The Court of Appeals of Washington, Division Three
Aug 15, 2006
134 Wn. App. 1042 (Wash. Ct. App. 2006)

Opinion

No. 24408-3-III.

August 15, 2006.

Appeal from a judgment of the Superior Court for Klickitat County, No. 03-3-00041-7, Brian Altman, J. Pro Tem., entered February 9, 2005.

Counsel for Appellant(s), Suzan L. Clark, Attorney at Law, 1101 Broadway St Ste 250, Vancouver, WA 98660-3320.

Counsel for Respondent(s), Deborah M. Phillips, Attorney at Law, 718 State St, PO Box 758, Hood River, OR 97031-0024.


Affirmed by unpublished opinion per Kato, J., concurred in by Brown and Kulik, JJ.


Matthew Baird and Lisa Bjelland-Baird divorced in 2005. Mr. Baird appeals the superior court's provisions for maintenance, child support, and the final parenting plan. We affirm.

Mr. Baird and Ms. Bjelland-Baird were married on September 6, 1992. They had two daughters together, Madison and Josephine. They separated on April 23, 2003. A dissolution was granted on July 25, 2005.

Prior to the marriage, Mr. Baird attended a maritime academy and earned a bachelor's degree in marine engineering technology. Ms. Bjelland-Baird attended Walla Walla College and earned a bachelor's degree in 1987. She obtained her master's degree in social work in 1989.

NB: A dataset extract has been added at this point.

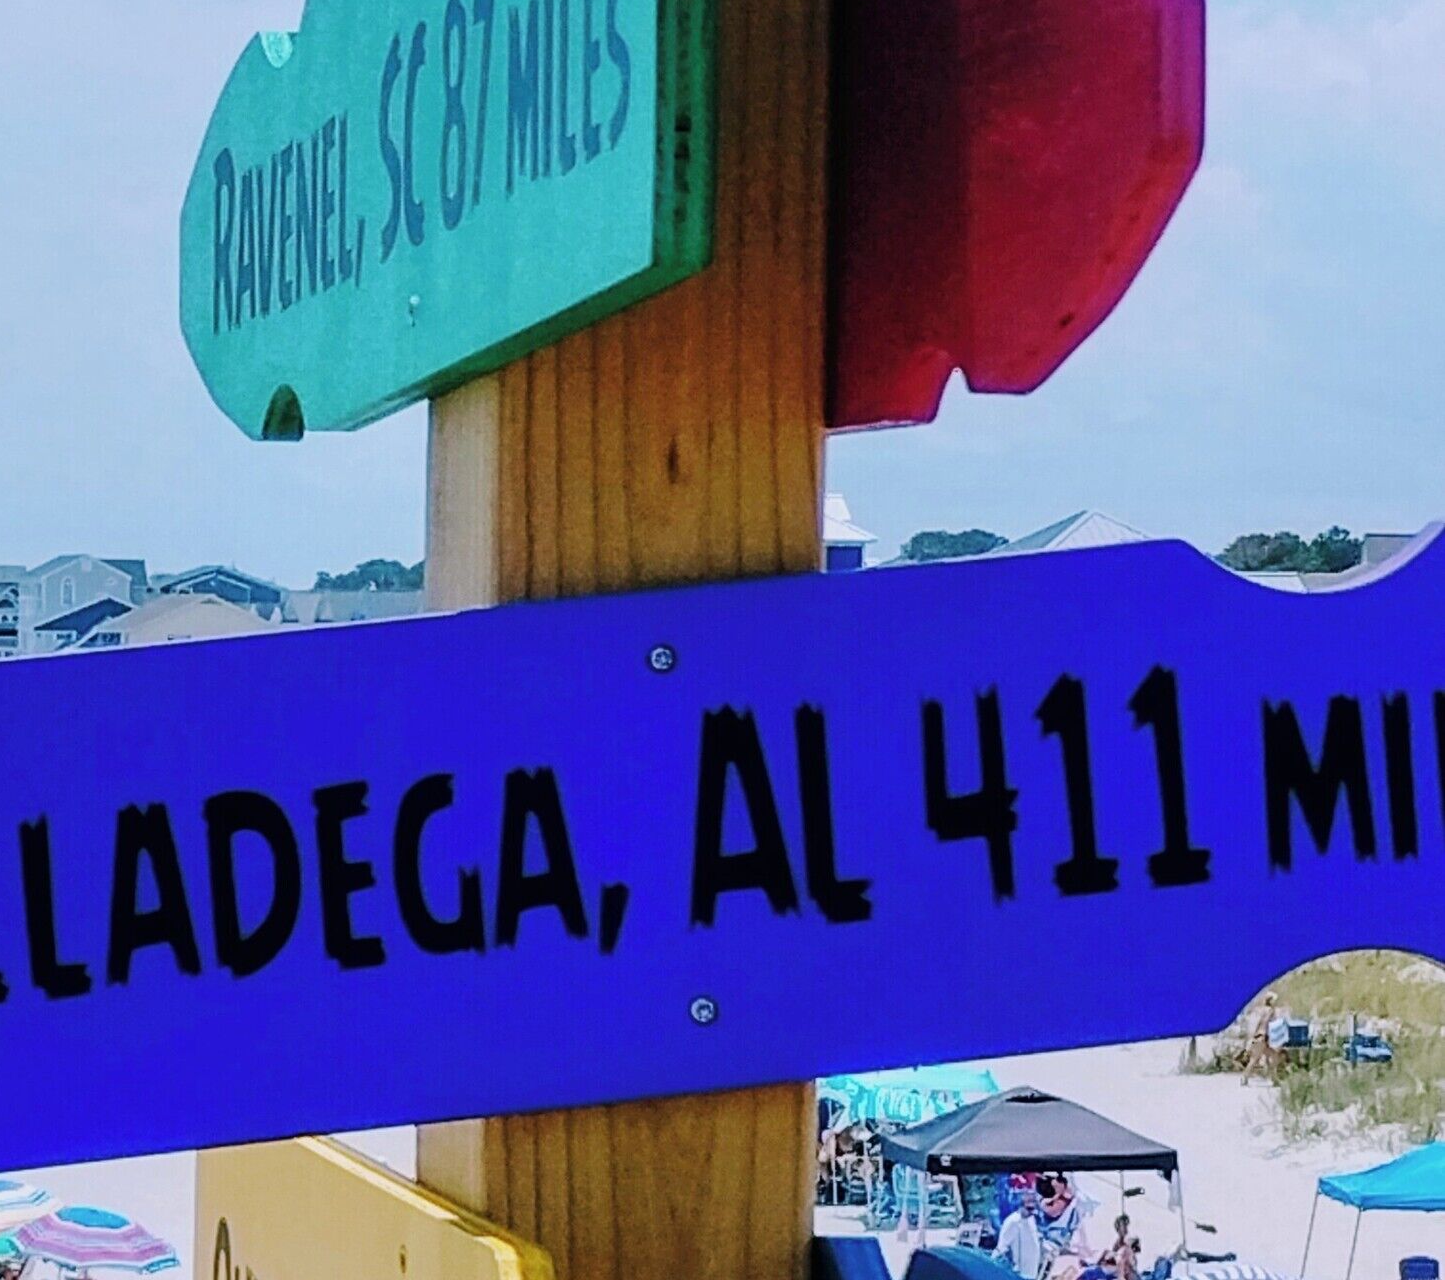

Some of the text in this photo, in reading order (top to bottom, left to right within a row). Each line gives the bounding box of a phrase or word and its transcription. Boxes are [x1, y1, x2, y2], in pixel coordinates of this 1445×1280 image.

Mr. Baird holds a chief engineer license with the United States Coast Guard and is employed as a chief engineer on a large fishing vessel operating out of the Bering Sea. Mr. Baird's base salary is $120,304 per year, plus benefits and bonuses. His income for 2004 was approximately $142,375. Ms. Bjelland-Baird worked as a licensed social worker for the Children's Home Society of Washington until 2000. Between 2001 and 2003, Ms. Bjelland-Baird worked on a contract basis as a therapist with Programs for Peaceful Living, a Klickitat County domestic violence resource organization. In 2003, she was hired as director of the organization. Her base salary was $36,118, plus benefits.

The court heard testimony on December 29, 2004, and January 4, 2005. Ms. Bjelland-Baird requested an award of maintenance. She testified that maintenance of at least $800 per month would allow her to attend graduate school and obtain a Ph.D. Based on her research, she could earn between $50,000 and $80,000 per year with a Ph.D. and be employed as a professor, researcher, or have a private therapy practice. Ms. Bjelland-Baird said she hoped to become employed as a professor.

The court awarded Ms. Bjelland-Baird maintenance of $835 per month for four years, provided that she began graduate level coursework and continued to pursue her Ph.D. in social work or a related field. The court stated that maintenance would cease after a period of four years, even if Ms. Bjelland-Baird had not completed her Ph.D. program.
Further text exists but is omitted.